Task requirements:
Please retype the records that appear below, exactly and in full.

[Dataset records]
------------------------------

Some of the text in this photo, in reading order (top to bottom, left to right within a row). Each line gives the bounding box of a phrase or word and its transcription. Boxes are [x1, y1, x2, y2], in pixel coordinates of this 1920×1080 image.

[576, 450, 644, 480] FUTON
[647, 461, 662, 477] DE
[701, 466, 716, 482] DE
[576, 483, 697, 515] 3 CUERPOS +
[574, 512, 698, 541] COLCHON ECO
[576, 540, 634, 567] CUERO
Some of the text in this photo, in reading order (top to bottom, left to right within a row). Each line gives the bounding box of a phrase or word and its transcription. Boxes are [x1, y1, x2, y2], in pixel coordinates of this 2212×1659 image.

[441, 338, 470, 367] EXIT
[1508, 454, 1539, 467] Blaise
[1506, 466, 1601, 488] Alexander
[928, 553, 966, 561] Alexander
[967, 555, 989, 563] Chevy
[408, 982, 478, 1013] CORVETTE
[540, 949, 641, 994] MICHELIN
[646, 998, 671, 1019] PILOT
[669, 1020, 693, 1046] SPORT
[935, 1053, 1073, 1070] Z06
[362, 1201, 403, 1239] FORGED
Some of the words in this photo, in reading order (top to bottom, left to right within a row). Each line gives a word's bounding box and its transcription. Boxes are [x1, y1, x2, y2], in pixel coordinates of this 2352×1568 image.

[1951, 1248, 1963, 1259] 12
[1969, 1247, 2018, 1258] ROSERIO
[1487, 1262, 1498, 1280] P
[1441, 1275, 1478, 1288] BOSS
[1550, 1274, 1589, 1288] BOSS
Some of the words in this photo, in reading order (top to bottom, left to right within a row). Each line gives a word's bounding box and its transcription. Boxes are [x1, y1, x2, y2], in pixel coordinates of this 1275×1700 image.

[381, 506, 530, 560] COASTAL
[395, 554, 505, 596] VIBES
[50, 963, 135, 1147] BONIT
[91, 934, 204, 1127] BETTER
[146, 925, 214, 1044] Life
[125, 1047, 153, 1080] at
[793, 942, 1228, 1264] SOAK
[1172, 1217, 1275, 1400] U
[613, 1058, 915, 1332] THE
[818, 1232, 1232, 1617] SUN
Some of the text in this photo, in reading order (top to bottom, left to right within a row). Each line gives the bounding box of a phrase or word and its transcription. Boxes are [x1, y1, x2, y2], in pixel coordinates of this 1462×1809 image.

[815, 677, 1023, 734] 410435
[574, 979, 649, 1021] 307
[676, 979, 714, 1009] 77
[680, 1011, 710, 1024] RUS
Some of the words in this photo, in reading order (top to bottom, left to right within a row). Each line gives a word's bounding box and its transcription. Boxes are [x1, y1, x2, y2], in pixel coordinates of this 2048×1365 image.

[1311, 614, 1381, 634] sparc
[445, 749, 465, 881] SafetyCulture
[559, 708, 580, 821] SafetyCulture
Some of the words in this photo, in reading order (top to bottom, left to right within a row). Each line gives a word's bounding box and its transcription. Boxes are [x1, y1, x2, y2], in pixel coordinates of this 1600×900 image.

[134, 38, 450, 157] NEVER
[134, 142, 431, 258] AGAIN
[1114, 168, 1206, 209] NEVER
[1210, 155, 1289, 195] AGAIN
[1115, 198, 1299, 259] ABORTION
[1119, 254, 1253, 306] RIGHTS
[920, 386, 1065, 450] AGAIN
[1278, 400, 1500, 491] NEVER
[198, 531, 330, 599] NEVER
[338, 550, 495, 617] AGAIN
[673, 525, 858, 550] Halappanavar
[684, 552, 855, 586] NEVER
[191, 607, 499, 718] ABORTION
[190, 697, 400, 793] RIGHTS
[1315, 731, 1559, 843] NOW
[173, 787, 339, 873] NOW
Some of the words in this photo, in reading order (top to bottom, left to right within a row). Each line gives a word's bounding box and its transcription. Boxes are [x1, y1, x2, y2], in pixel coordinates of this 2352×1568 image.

------------------------------

Task result:
Some of the text in this photo, in reading order (top to bottom, left to right within a row). Each line gives the bounding box of a phrase or word and its transcription. Boxes are [x1, y1, x2, y2], in pixel coordinates of this 1920×1080 image.

[576, 450, 644, 480] FUTON
[647, 461, 662, 477] DE
[701, 466, 716, 482] DE
[576, 483, 697, 515] 3 CUERPOS +
[574, 512, 698, 541] COLCHON ECO
[576, 540, 634, 567] CUERO
Some of the text in this photo, in reading order (top to bottom, left to right within a row). Each line gives the bounding box of a phrase or word and its transcription. Boxes are [x1, y1, x2, y2], in pixel coordinates of this 2212×1659 image.

[441, 338, 470, 367] EXIT
[1508, 454, 1539, 467] Blaise
[1506, 466, 1601, 488] Alexander
[928, 553, 966, 561] Alexander
[967, 555, 989, 563] Chevy
[408, 982, 478, 1013] CORVETTE
[540, 949, 641, 994] MICHELIN
[646, 998, 671, 1019] PILOT
[669, 1020, 693, 1046] SPORT
[935, 1053, 1073, 1070] Z06
[362, 1201, 403, 1239] FORGED
Some of the words in this photo, in reading order (top to bottom, left to right within a row). Each line gives a word's bounding box and its transcription. Boxes are [x1, y1, x2, y2], in pixel coordinates of this 2352×1568 image.

[1951, 1248, 1963, 1259] 12
[1969, 1247, 2018, 1258] ROSERIO
[1487, 1262, 1498, 1280] P
[1441, 1275, 1478, 1288] BOSS
[1550, 1274, 1589, 1288] BOSS
Some of the words in this photo, in reading order (top to bottom, left to right within a row). Each line gives a word's bounding box and its transcription. Boxes are [x1, y1, x2, y2], in pixel coordinates of this 1275×1700 image.

[381, 506, 530, 560] COASTAL
[395, 554, 505, 596] VIBES
[50, 963, 135, 1147] BONIT
[91, 934, 204, 1127] BETTER
[146, 925, 214, 1044] Life
[125, 1047, 153, 1080] at
[793, 942, 1228, 1264] SOAK
[1172, 1217, 1275, 1400] U
[613, 1058, 915, 1332] THE
[818, 1232, 1232, 1617] SUN
Some of the text in this photo, in reading order (top to bottom, left to right within a row). Each line gives the bounding box of a phrase or word and its transcription. Boxes are [x1, y1, x2, y2], in pixel coordinates of this 1462×1809 image.

[815, 677, 1023, 734] 410435
[574, 979, 649, 1021] 307
[676, 979, 714, 1009] 77
[680, 1011, 710, 1024] RUS
Some of the words in this photo, in reading order (top to bottom, left to right within a row). Each line gives a word's bounding box and its transcription. Boxes are [x1, y1, x2, y2], in pixel coordinates of this 2048×1365 image.

[1311, 614, 1381, 634] sparc
[445, 749, 465, 881] SafetyCulture
[559, 708, 580, 821] SafetyCulture
Some of the words in this photo, in reading order (top to bottom, left to right within a row). Each line gives a word's bounding box and its transcription. Boxes are [x1, y1, x2, y2], in pixel coordinates of this 1600×900 image.

[134, 38, 450, 157] NEVER
[134, 142, 431, 258] AGAIN
[1114, 168, 1206, 209] NEVER
[1210, 155, 1289, 195] AGAIN
[1115, 198, 1299, 259] ABORTION
[1119, 254, 1253, 306] RIGHTS
[920, 386, 1065, 450] AGAIN
[1278, 400, 1500, 491] NEVER
[198, 531, 330, 599] NEVER
[338, 550, 495, 617] AGAIN
[673, 525, 858, 550] Halappanavar
[684, 552, 855, 586] NEVER
[191, 607, 499, 718] ABORTION
[190, 697, 400, 793] RIGHTS
[1315, 731, 1559, 843] NOW
[173, 787, 339, 873] NOW
Some of the words in this photo, in reading order (top to bottom, left to right within a row). Each line gives a word's bounding box and its transcription. Boxes are [x1, y1, x2, y2], in pixel coordinates of this 2352×1568 image.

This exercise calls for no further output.